Наташа-Барби схватила его за руку и сказала:
— Пытались, но дорогу завалило.
Она покачала головой, и тут до Дима наконец дошло: они не решились сказать отцу про журналиста! Он взглянул на Артура — тот пожал плечами.
— Леонард Константинович, я принесу вам поужинать.
— Спасибо, девочка. — Рубан погладил Наташу-Барби по щеке.
— Отец, тут еще один гость заявился на ночь глядя, — сказал Дим. — Говорит, ты пригласил.
— Я пригласил? Никого я не приглашал. Кто таков?
— Какой-то философ. В смысле, профессор философии. Друг нашего Ивана.

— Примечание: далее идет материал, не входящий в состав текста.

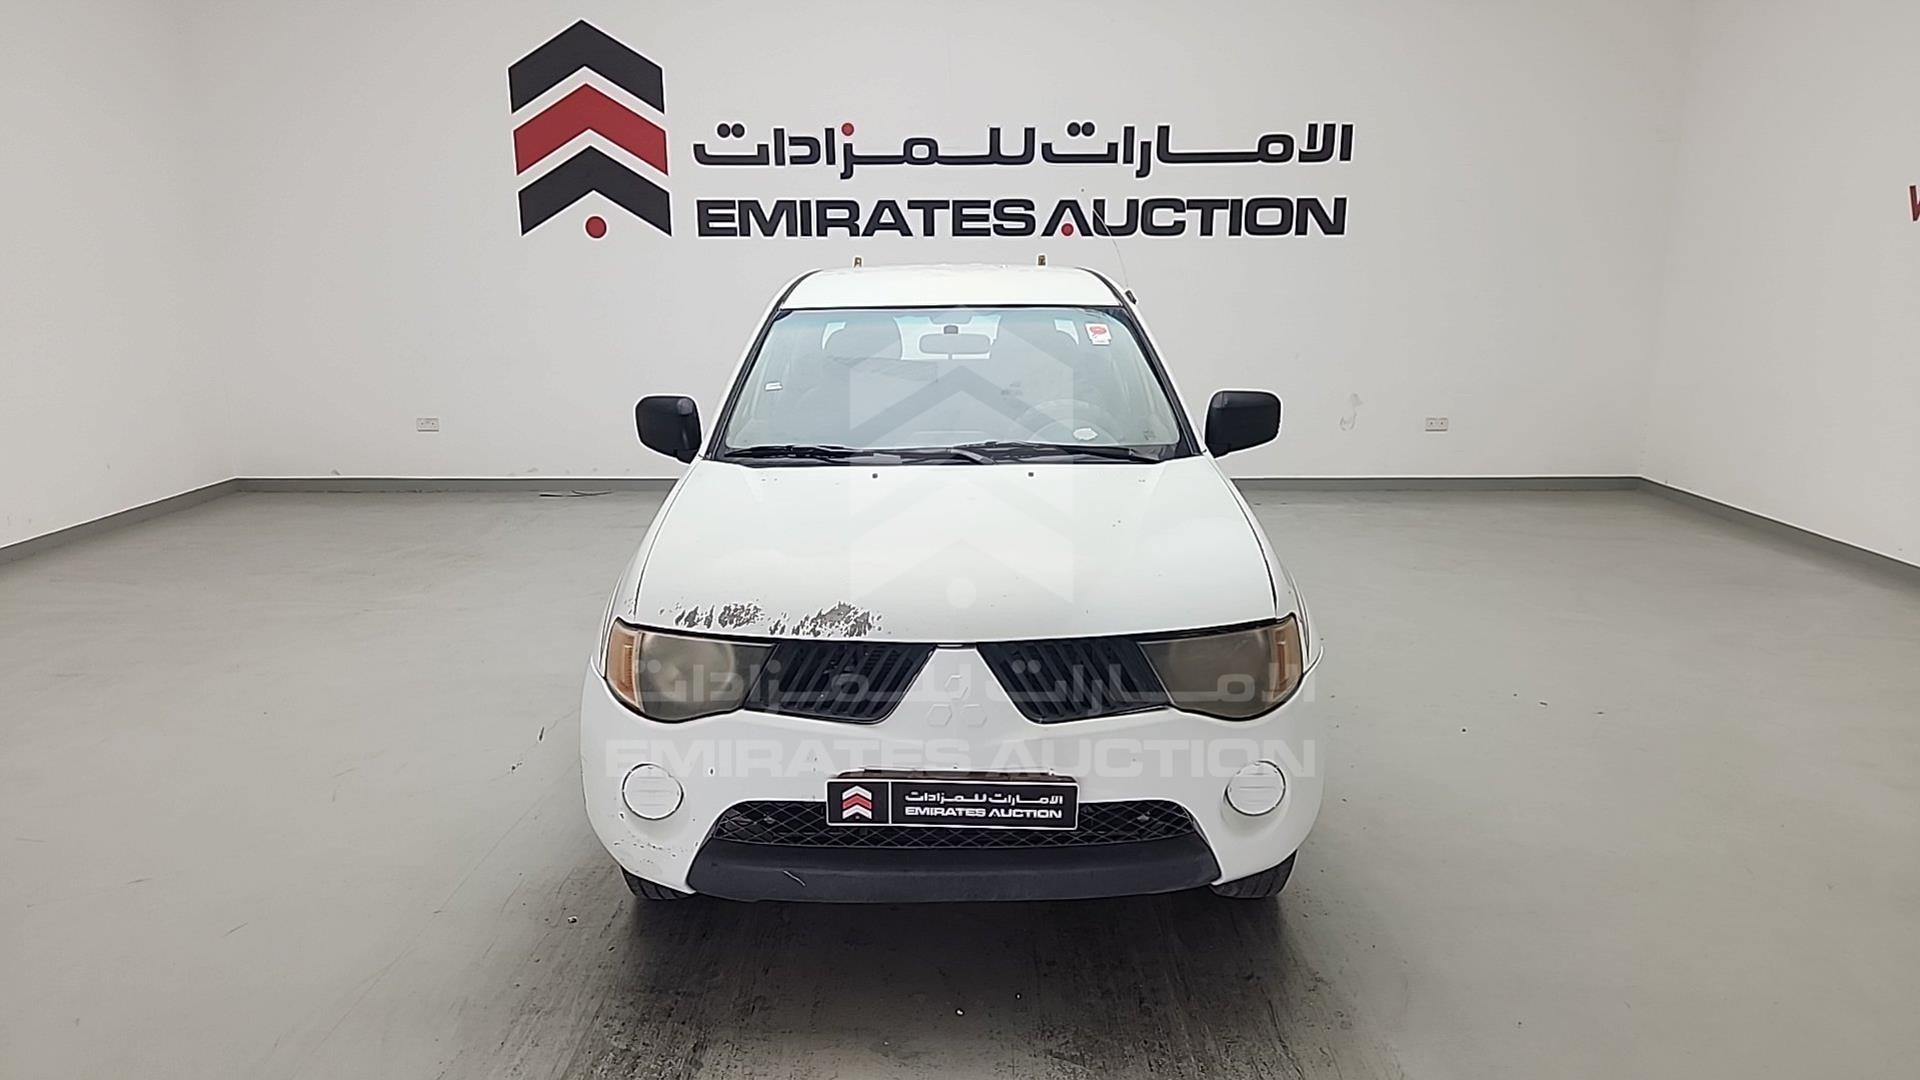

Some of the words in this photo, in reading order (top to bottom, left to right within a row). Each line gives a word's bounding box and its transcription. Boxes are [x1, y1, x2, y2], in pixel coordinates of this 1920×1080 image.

— Профессор философии? — недоуменно переспросил Рубан. — Какой к черту… — Он запнулся, подумал и сказал: — Точно, пригласил. Профессора философии… да! А кому не нравится, не держу, скатертью дорога. Где он?
— Переодевается. Иван забрал его к себе в комнату.
— Выйти разве на люди… — Рубан задумался, пожевал губами.
— Я могу привести его сюда, — сказал Дим, поймав взгляд Наташи-Барби.
— Ладно, уговорили. Засиделся я чего-то… Выйду! — решил Рубан. — Позови Пашу!
Наташа-Барби поднялась.
— Вы что, не сказали ему про журналиста? — спросил Дим в коридоре.
— Мы собирались, но Леонард Константинович выглядит неважно, — сказал Артур. — Подумали, что надо подождать до завтра, может, что-то прояснится.
— До завтра? Он увидит, что его нет за столом… Надо сегодня! Придумали, что соврать?
— Никто не ожидал нового гостя, — сказала Наташа-Барби. — Нехорошо получилось.
— Идиотская ситуация! Что теперь делать?
— Придется сказать.
— Слушай, тут такое дело… ты нравишься отцу, — шепотом сказал Дим, оглянувшись на Артура. — Может, поговоришь? Ты же видела, как он со мной. А тебе не откажет, даст.
— Это ваши дела, Дим, не хочу вмешиваться.
— Наташка, ты чего? Мы ж на нуле!
— Нет.
— Ну и дура.
Наташа не ответила; лицо ее сохраняло спокойное и мягкое выражение — похоже, она нисколько не обиделась…
…Рубан принял нового гостя в мастерской. Он был чисто выбрит и причесан, вместо халата на нем были джинсы и синий свитер.
— Федор Андреевич? — Он поднялся навстречу Алексееву. Бородатый коричневый терьер осторожно подошел к гостю, обнюхал. — Нора, фу! — сказал хозяин.
— Можно Федор. Добрый вечер, Леонард Константинович. Привет, Нора! — Он потрепал собаку по голове.